Audit Team — Qualitative Observations
Corporate entity layering. Moneta’s five-entity framework reflects a deliberate global market access strategy, but it creates a compliance routing ambiguity most retail traders will not navigate correctly. The FCA license sits inside VIBHS Financial Ltd—an entity with a pre-Moneta history dating to 2014—rather than within Moneta’s organic corporate lineage. The broker’s institutional credibility partially rests on an acquired compliance shell rather than a decades-long proprietary regulatory track record. That structure is not unusual in the industry, but it is a nuance that benchmark peers like Pepperstone and IC Markets do not carry.
Marketing versus practice alignment. Moneta’s marketing consistently emphasizes its multi-regulatory status and ultra-tight ECN pricing. Both claims are substantiated by live testing. However, prominently advertised leverage ratios of 1:500 apply only to Seychelles and offshore entities; FCA and ASIC clients operate at the mandated 1:30 retail maximum. This is legally accurate but creates a material expectation gap for traders who open accounts without verifying their assigned entity.
Account-restriction conduct. The pattern of account freezes following large profitable trades is the most operationally significant concern identified in this audit. Moneta’s published Client Agreement contains clauses permitting restriction of accounts flagged for suspected trading violations. Under offshore entities, the contractual language and dispute pathway are materially weaker than under FCA or ASIC jurisdiction, where the Financial Ombudsman Service (UK) or AFCA (Australia) provide independent escalation. Traders operating under Seychelles or Saint Lucia entities have no equivalent statutory recourse.

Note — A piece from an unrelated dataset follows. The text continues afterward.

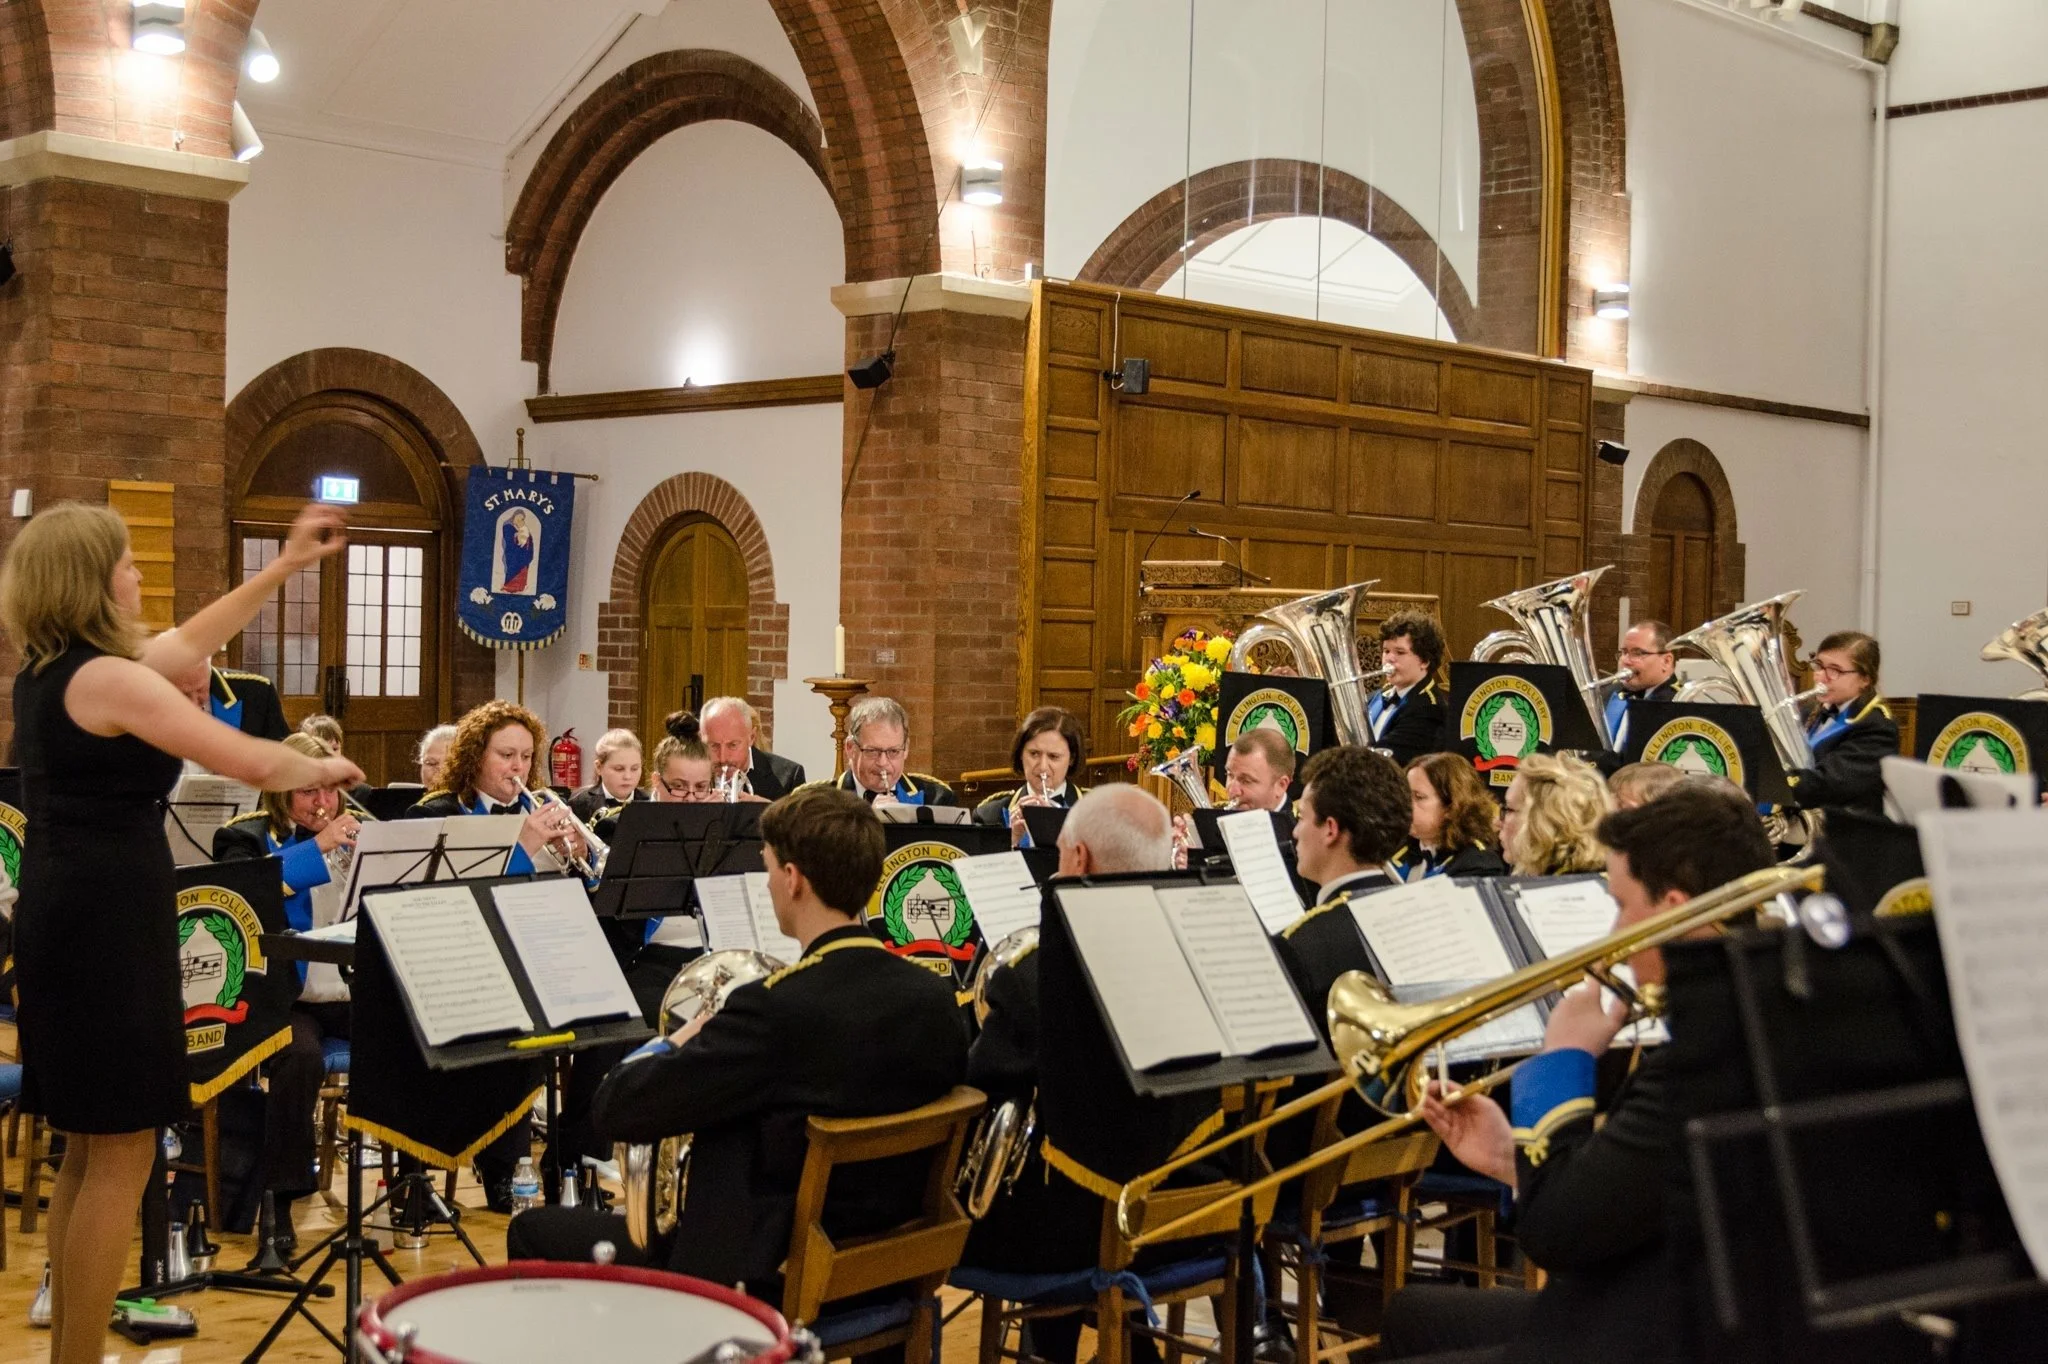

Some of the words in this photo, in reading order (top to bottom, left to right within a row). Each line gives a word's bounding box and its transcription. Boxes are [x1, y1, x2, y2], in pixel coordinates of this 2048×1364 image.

Technology direction. The discontinuation of the original ProTrader platform in December 2025 narrows the platform differentiator to the MT4/MT5 stack, which is commoditized across the industry. ProTrader V2’s release timeline remains unconfirmed as of this review date.
Expert Review Notes Weighted Score: 64/100 (10% weight = 6.4 weighted points)
Composite Score Calculation
| Methodology Dimension | Weight | Raw Score | Score Bar | Weighted Points |
|---|---|---|---|---|
| Regulation & Safety | 35% | 68 / 100 | 23.8 | |
| Execution Quality | 30% | 72 / 100 | 21.6 | |
| Trader Reputation & Market Presence | 25% | 58 / 100 | 14.5 | |
| Expert Review Notes (Staff Insight) | 10% | 64 / 100 | 6.4 | |
| Composite Total | 100% | 66.3 / 100 | ||
All data in this review reflects publicly available information as of June 2026. Regulatory license numbers, fee structures, and platform availability are subject to change. This review does not constitute financial advice.